Edit As Kimball point out, in the following question for me an ideal $I$ is a full $\mathbb{Z_p}$-lattice of $M_2(\mathbb{Q}_p)$ such that $$\lbrace\alpha \in M_2(\mathbb{Q}_p)\vert \alpha I \subset I \rbrace=M_2(\mathbb{Z}_P). $$
Let $p$ be a prime number and consider the ring, formed by the elements
$$ \begin{pmatrix} a & b \\ pc & d \end{pmatrix}$$
with $a,b,c,d \in \mathbb{Z}_p$. Is it true that its ideals are generated by the elements
$$ \begin{pmatrix} p^n & 0 \\ pc & p^m \end{pmatrix}$$
with $m,n$ integer and $c \in \mathbb{Z}_p$ a representative of the element $\bar c \in \mathbb{Z}/p^n\mathbb{Z}$?
How can you compute this?
It is well known that the ideals of $M_2(\mathbb{Z}_p)$ are generated by the elements
$$ \begin{pmatrix} p^n & r \\ 0 & p^m \end{pmatrix}$$
with $r \in \mathbb{Z}_p$ a representative of the element $\bar c \in \mathbb{Z}/p^m\mathbb{Z}$, and to do this it is enough look suitable $\mathbb{Z}_p$-lattices $L,M$ of a $2$-dimensional $\mathbb{Q}_p$-vector space $V$. Can I do something similar using my matrix ring?

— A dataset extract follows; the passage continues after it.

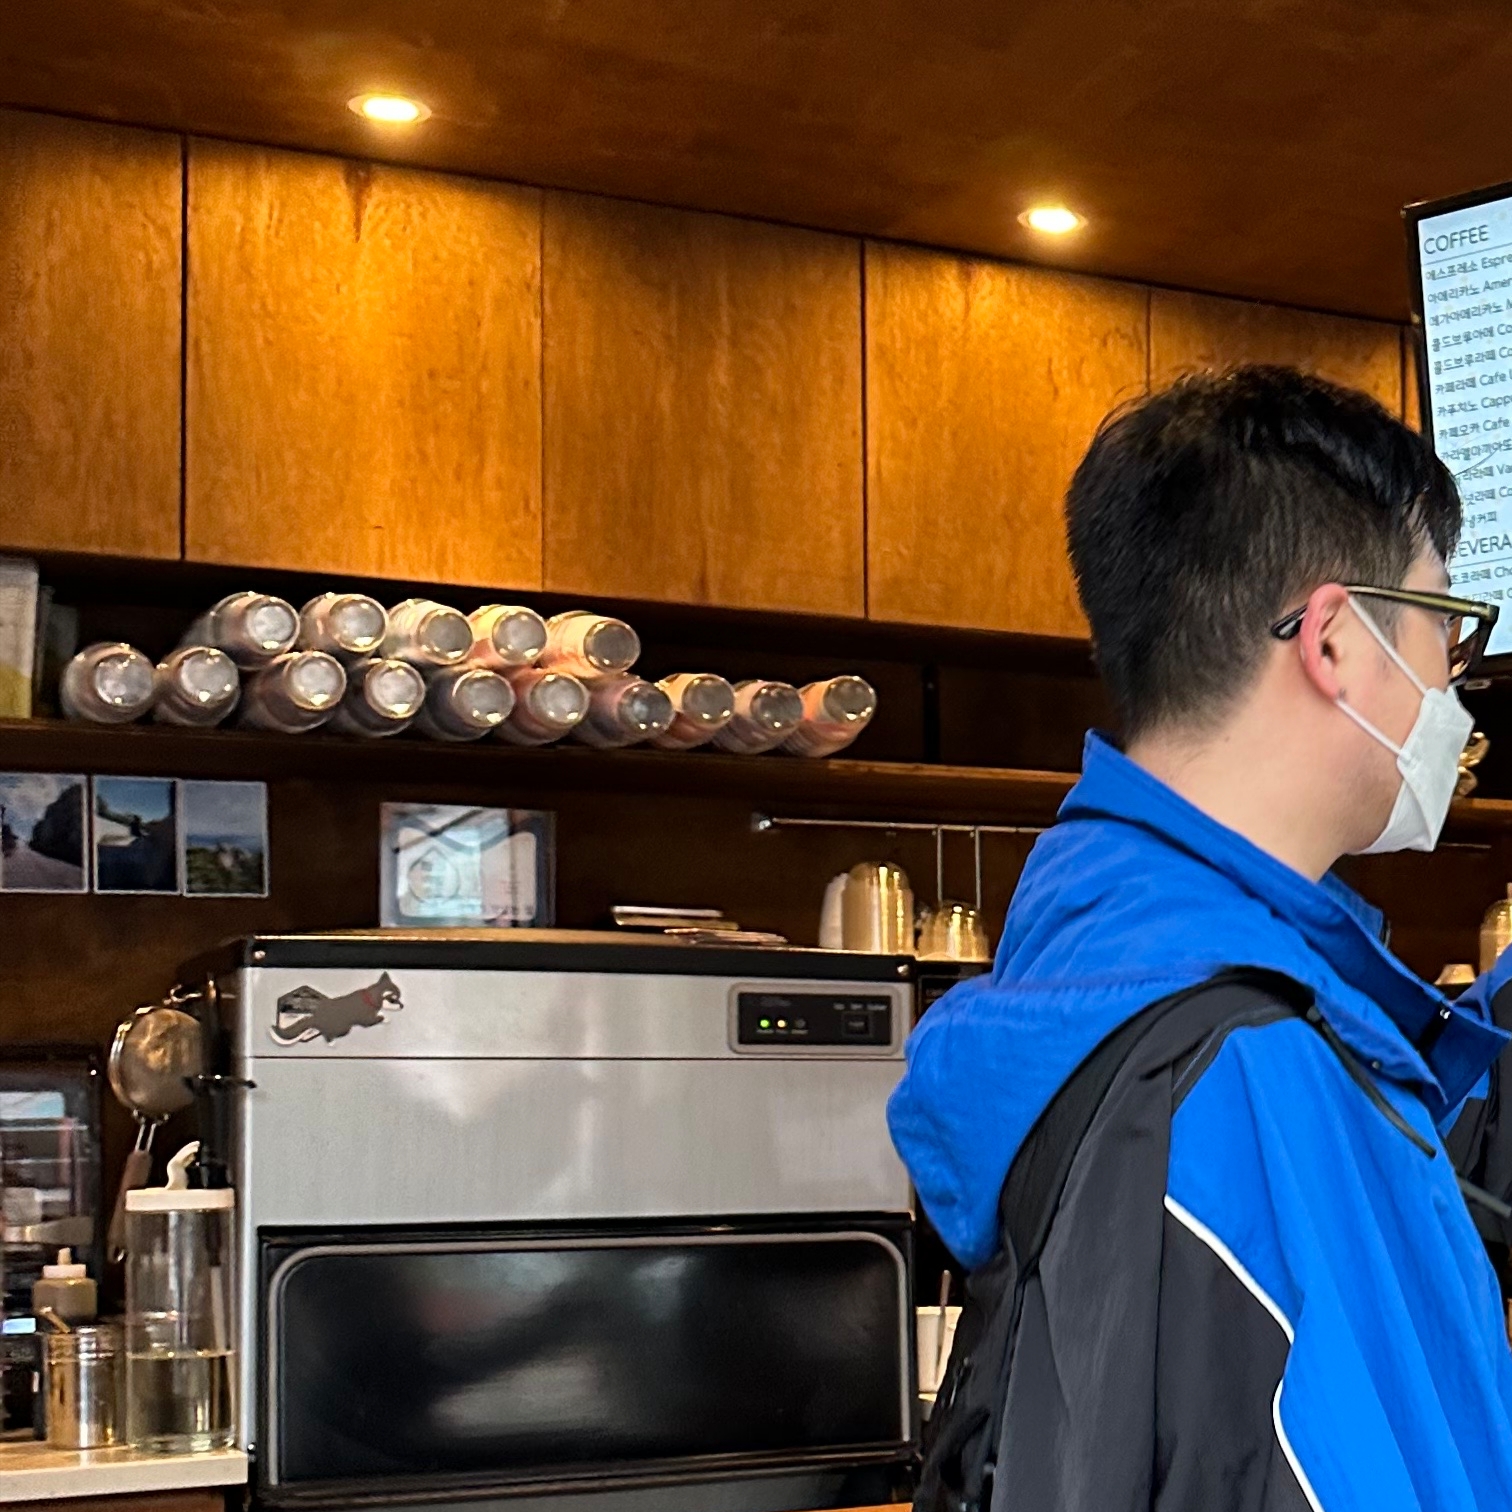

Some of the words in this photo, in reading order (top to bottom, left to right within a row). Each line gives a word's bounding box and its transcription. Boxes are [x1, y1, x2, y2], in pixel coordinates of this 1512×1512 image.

I don't understand the "It is well known..." sentence in your question. For ideals in non-commutative rings, you need to differentiate between left and right ideals. Let $R$ be a ring and $M = M_n(R)$. Then a left ideal in $M$ is left $M$-submodule of $M$ itself. The simple submodules of $M$ are the ideals $\mathcal I_j$ for $1 \le j \le n$ consisting of the elements of $M$ which are zero off the $j$-th column. (I don't remember off the top of my head whether one need some conditions on $R$ for this, but at least for any $R$ these are ideals.)
A similar argument gives you ideals not generated by the elements you write down for your subring of $M_2(\mathbb Z_p)$.